[Start of Attachment]

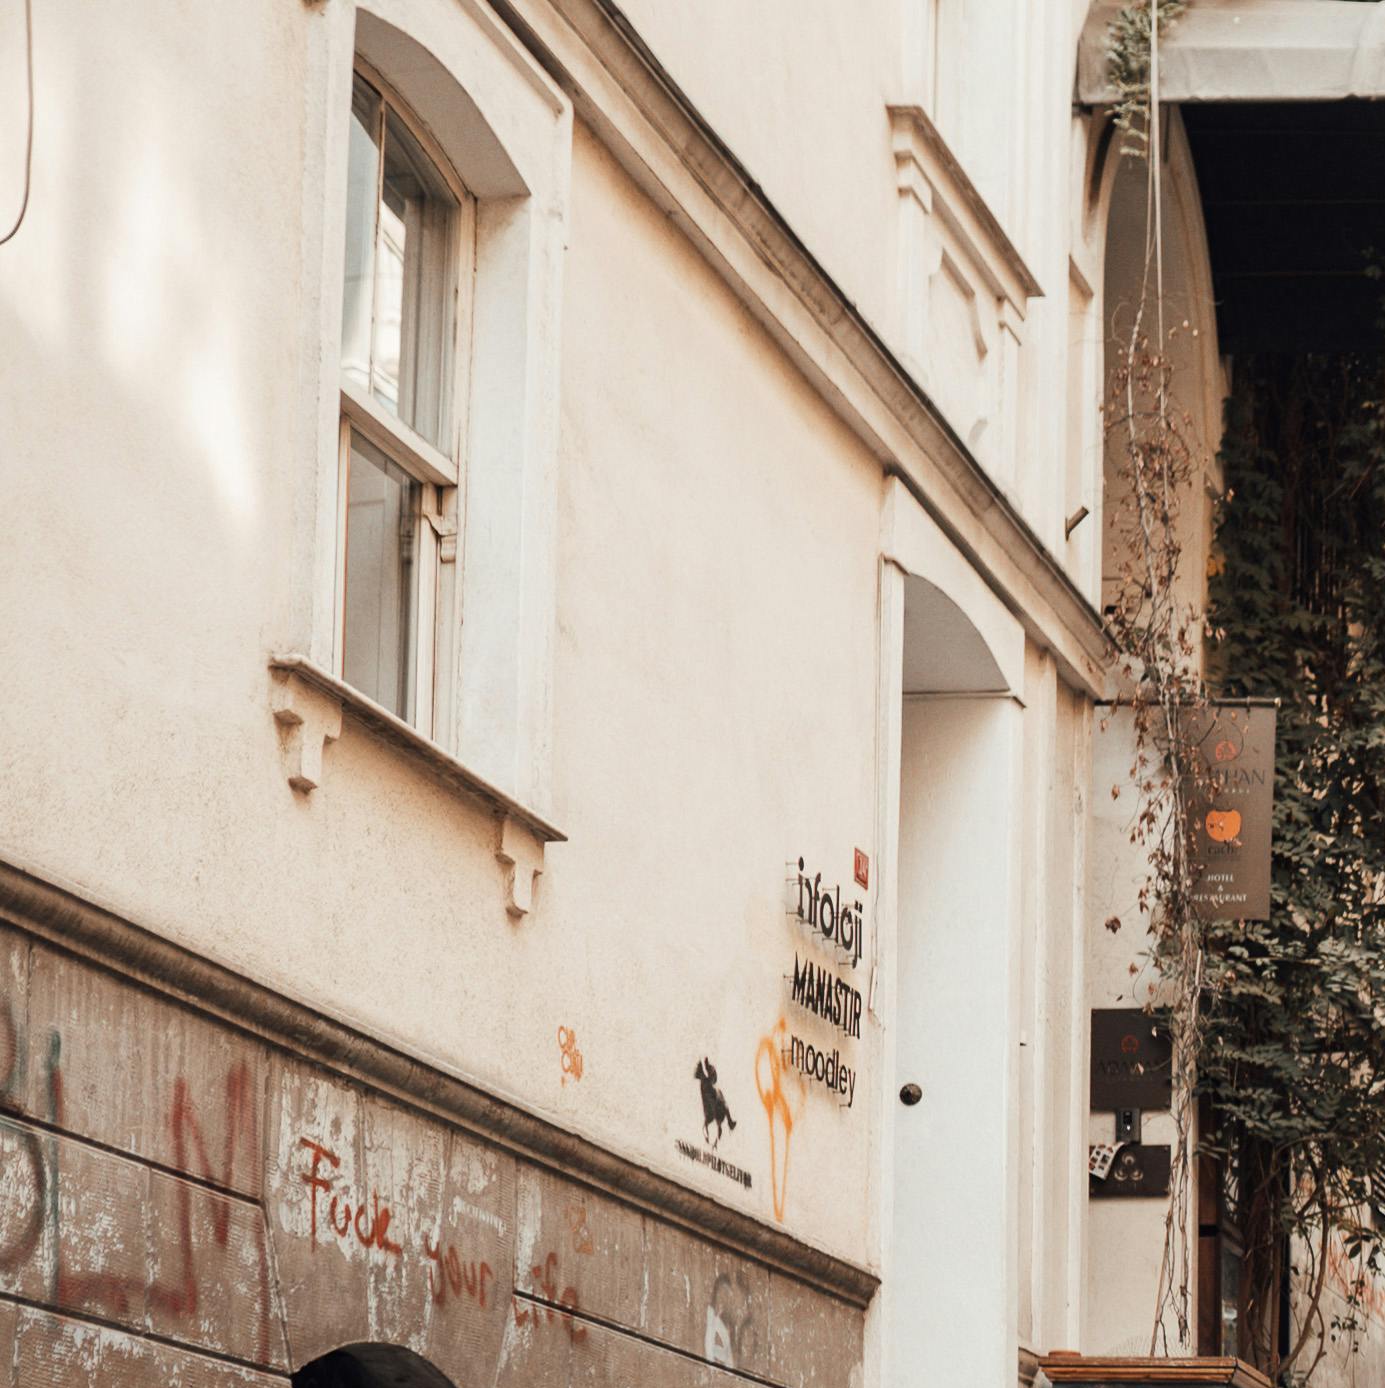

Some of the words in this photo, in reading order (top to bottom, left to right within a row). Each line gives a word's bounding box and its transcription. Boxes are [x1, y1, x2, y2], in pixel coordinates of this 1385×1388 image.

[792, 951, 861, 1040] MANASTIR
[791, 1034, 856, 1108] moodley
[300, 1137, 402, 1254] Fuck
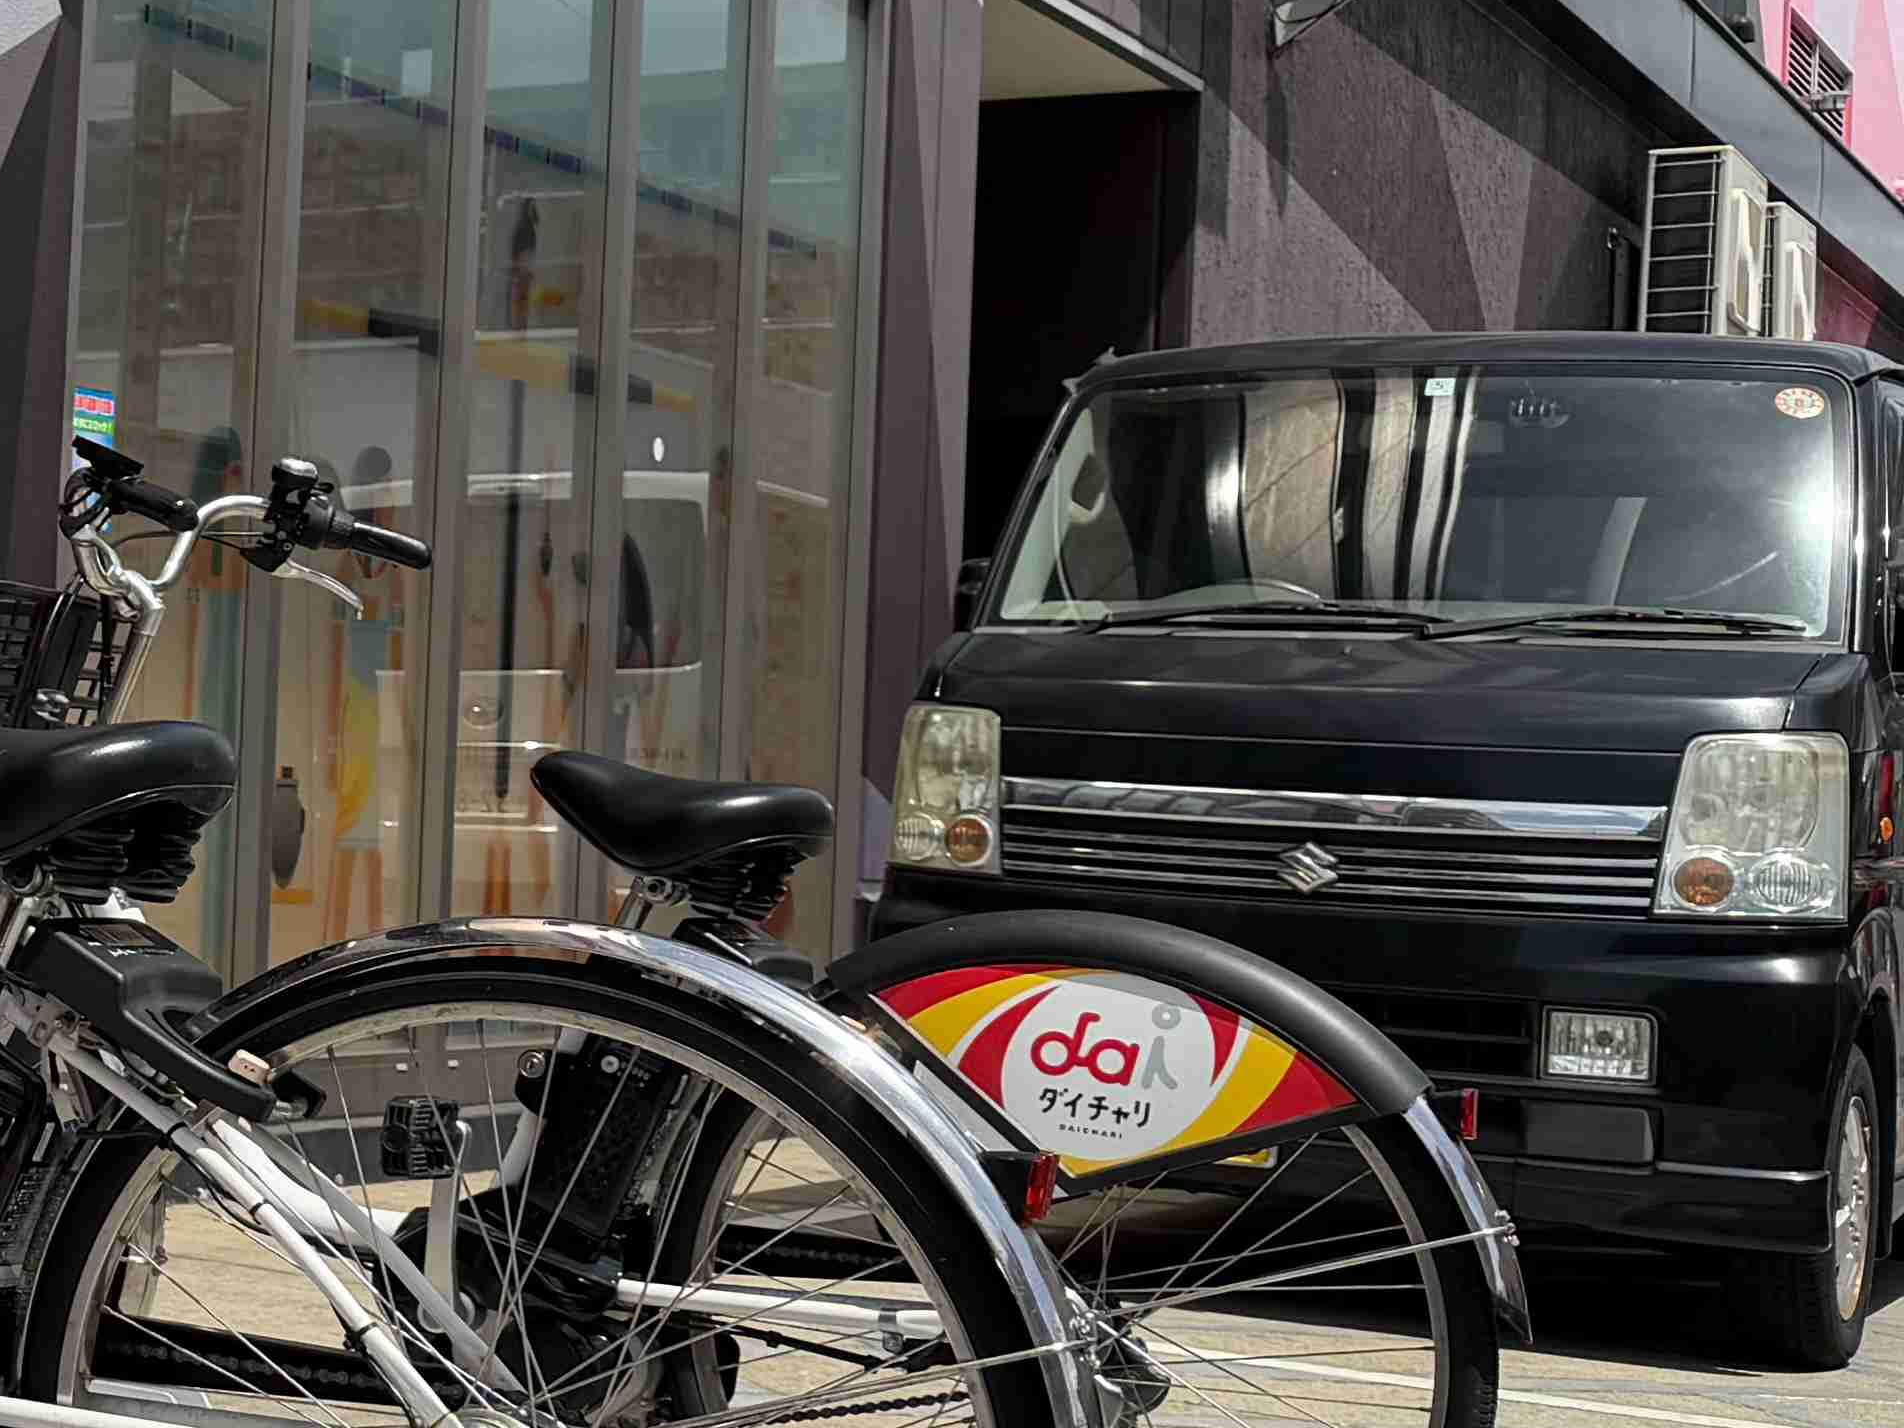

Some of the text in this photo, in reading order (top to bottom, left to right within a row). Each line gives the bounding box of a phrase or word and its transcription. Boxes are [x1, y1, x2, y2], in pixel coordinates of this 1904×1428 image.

[End of Attachment]

How to complete this task
Images stay out; the entries above are to be printed exactly.

Response area
Some of the words in this photo, in reading order (top to bottom, left to right within a row). Each line gives a word's bounding box and its transcription. Boxes are [x1, y1, x2, y2], in pixel coordinates of this 1385×1388 image.

[792, 951, 861, 1040] MANASTIR
[791, 1034, 856, 1108] moodley
[300, 1137, 402, 1254] Fuck

Some of the text in this photo, in reading order (top to bottom, left to right within a row). Each line gives the bounding box of a phrase or word and its transcription. Boxes are [x1, y1, x2, y2], in pixel coordinates of this 1904×1428 image.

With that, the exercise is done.